Task inputs Start Marker
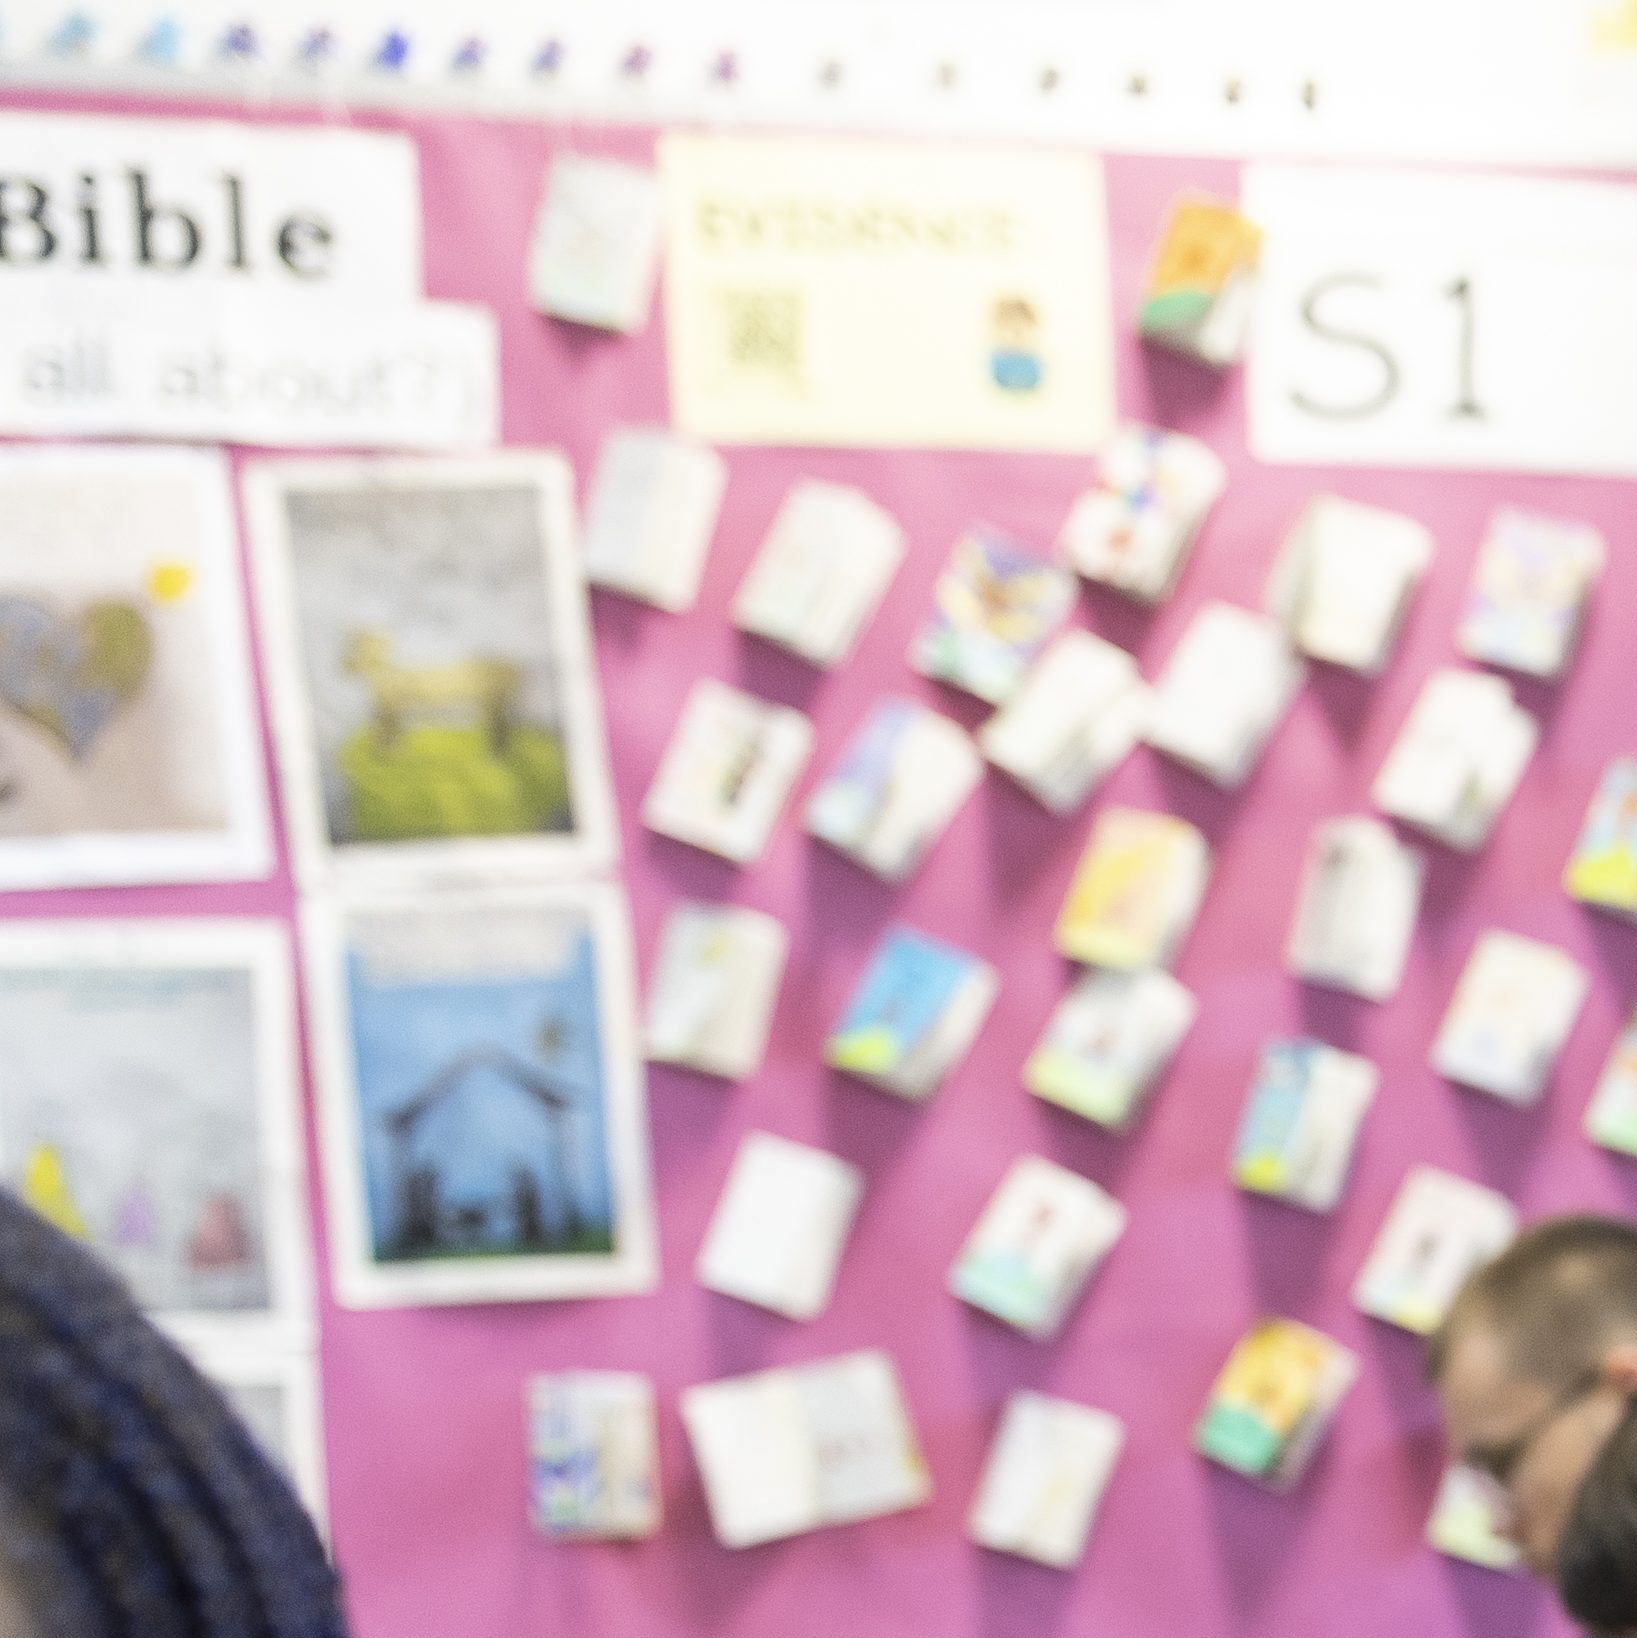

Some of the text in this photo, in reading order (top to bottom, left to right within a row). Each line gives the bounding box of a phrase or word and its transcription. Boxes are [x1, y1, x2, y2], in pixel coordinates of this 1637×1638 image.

[0, 166, 335, 279] Bible
[22, 333, 113, 402] all
[1289, 272, 1487, 420] S1
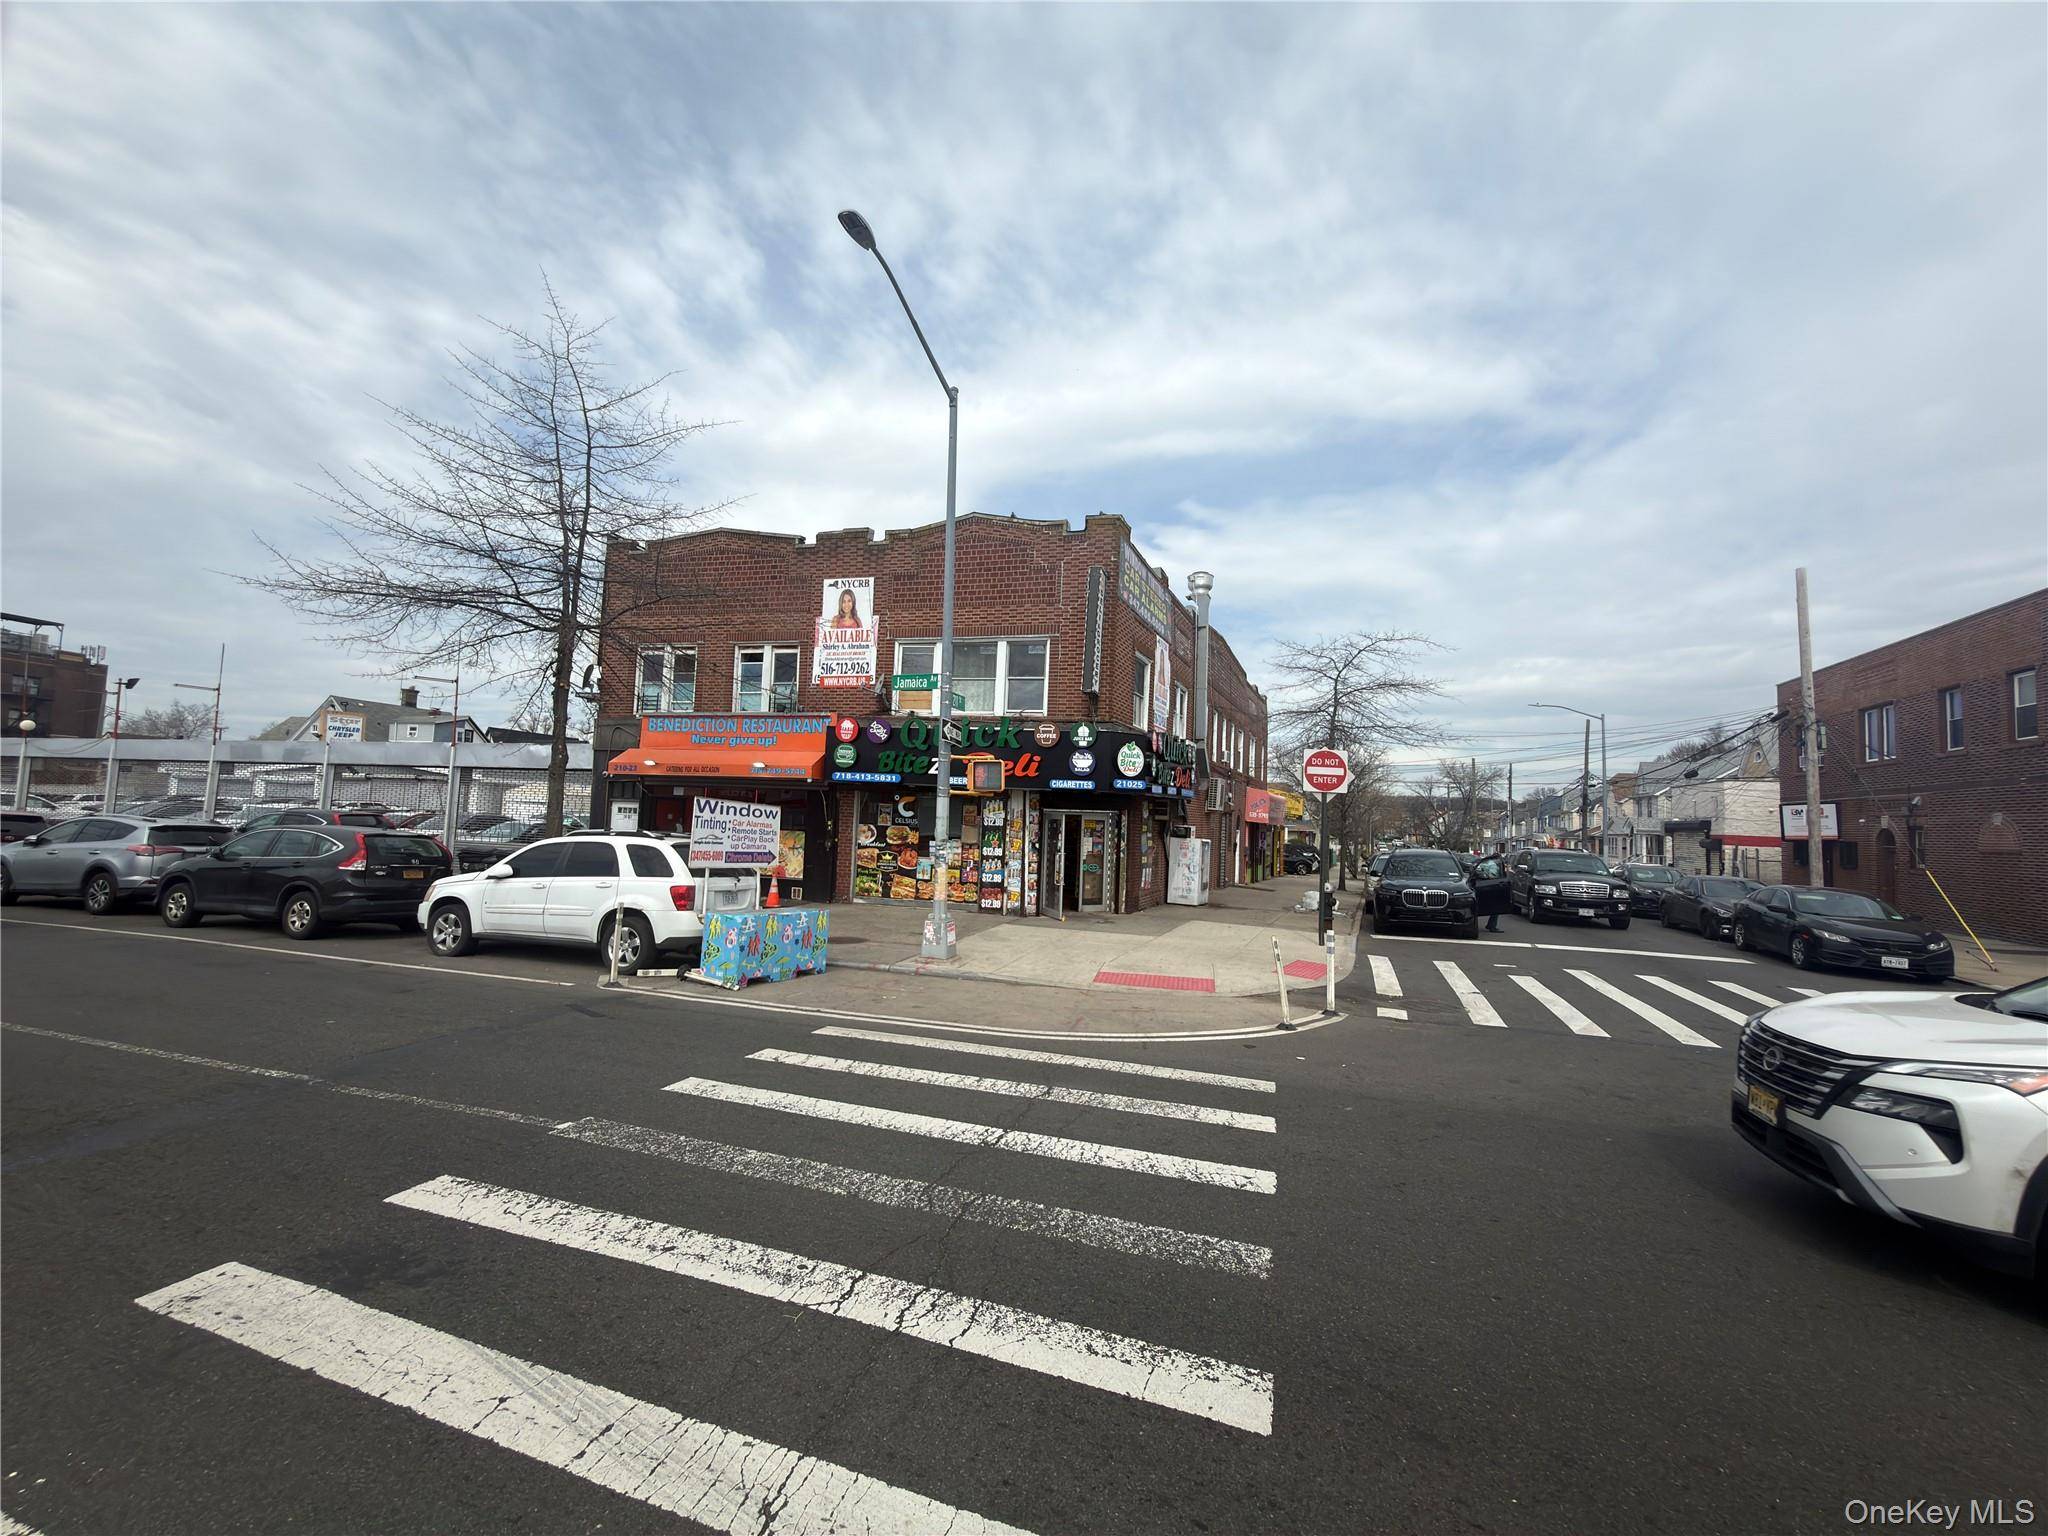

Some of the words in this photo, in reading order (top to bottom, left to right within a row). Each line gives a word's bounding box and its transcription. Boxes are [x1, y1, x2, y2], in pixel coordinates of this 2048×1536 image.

[840, 580, 870, 588] NYCRB
[1124, 574, 1140, 599] CAR
[822, 629, 871, 643] AVAILABLE
[821, 662, 870, 674] 516-712-9262
[894, 675, 928, 688] Jamaica
[328, 725, 361, 733] CHRYSLER
[648, 717, 737, 733] BENEDICTION
[742, 717, 832, 733] RESTAURANT
[900, 717, 1024, 750] Qick
[691, 735, 726, 745] Never
[730, 736, 755, 747] give
[758, 735, 777, 747] up!
[1121, 751, 1141, 759] Quick
[1324, 758, 1339, 766] NOT
[834, 773, 897, 782] 718-413-5831
[949, 777, 967, 785] BEER
[1313, 776, 1337, 784] ENTER
[1051, 780, 1093, 788] CIGARETTES
[1116, 780, 1143, 788] 21025
[696, 798, 778, 820] Window
[695, 816, 727, 833] Tinting
[746, 820, 773, 828] Alarmas
[732, 827, 757, 835] Remote
[758, 828, 777, 836] Starts
[731, 835, 757, 843] CarPlay
[727, 853, 752, 861] Chrome
Task inputs End Marker
_Instructions for the task_.
The records must be copied with no word altered, and without their pictures.

_Result_.
Some of the text in this photo, in reading order (top to bottom, left to right within a row). Each line gives the bounding box of a phrase or word and its transcription. Boxes are [x1, y1, x2, y2], in pixel coordinates of this 1637×1638 image.

[0, 166, 335, 279] Bible
[22, 333, 113, 402] all
[1289, 272, 1487, 420] S1

Some of the words in this photo, in reading order (top to bottom, left to right within a row). Each line gives a word's bounding box and its transcription. Boxes are [x1, y1, x2, y2], in pixel coordinates of this 2048×1536 image.

[840, 580, 870, 588] NYCRB
[1124, 574, 1140, 599] CAR
[822, 629, 871, 643] AVAILABLE
[821, 662, 870, 674] 516-712-9262
[894, 675, 928, 688] Jamaica
[328, 725, 361, 733] CHRYSLER
[648, 717, 737, 733] BENEDICTION
[742, 717, 832, 733] RESTAURANT
[900, 717, 1024, 750] Qick
[691, 735, 726, 745] Never
[730, 736, 755, 747] give
[758, 735, 777, 747] up!
[1121, 751, 1141, 759] Quick
[1324, 758, 1339, 766] NOT
[834, 773, 897, 782] 718-413-5831
[949, 777, 967, 785] BEER
[1313, 776, 1337, 784] ENTER
[1051, 780, 1093, 788] CIGARETTES
[1116, 780, 1143, 788] 21025
[696, 798, 778, 820] Window
[695, 816, 727, 833] Tinting
[746, 820, 773, 828] Alarmas
[732, 827, 757, 835] Remote
[758, 828, 777, 836] Starts
[731, 835, 757, 843] CarPlay
[727, 853, 752, 861] Chrome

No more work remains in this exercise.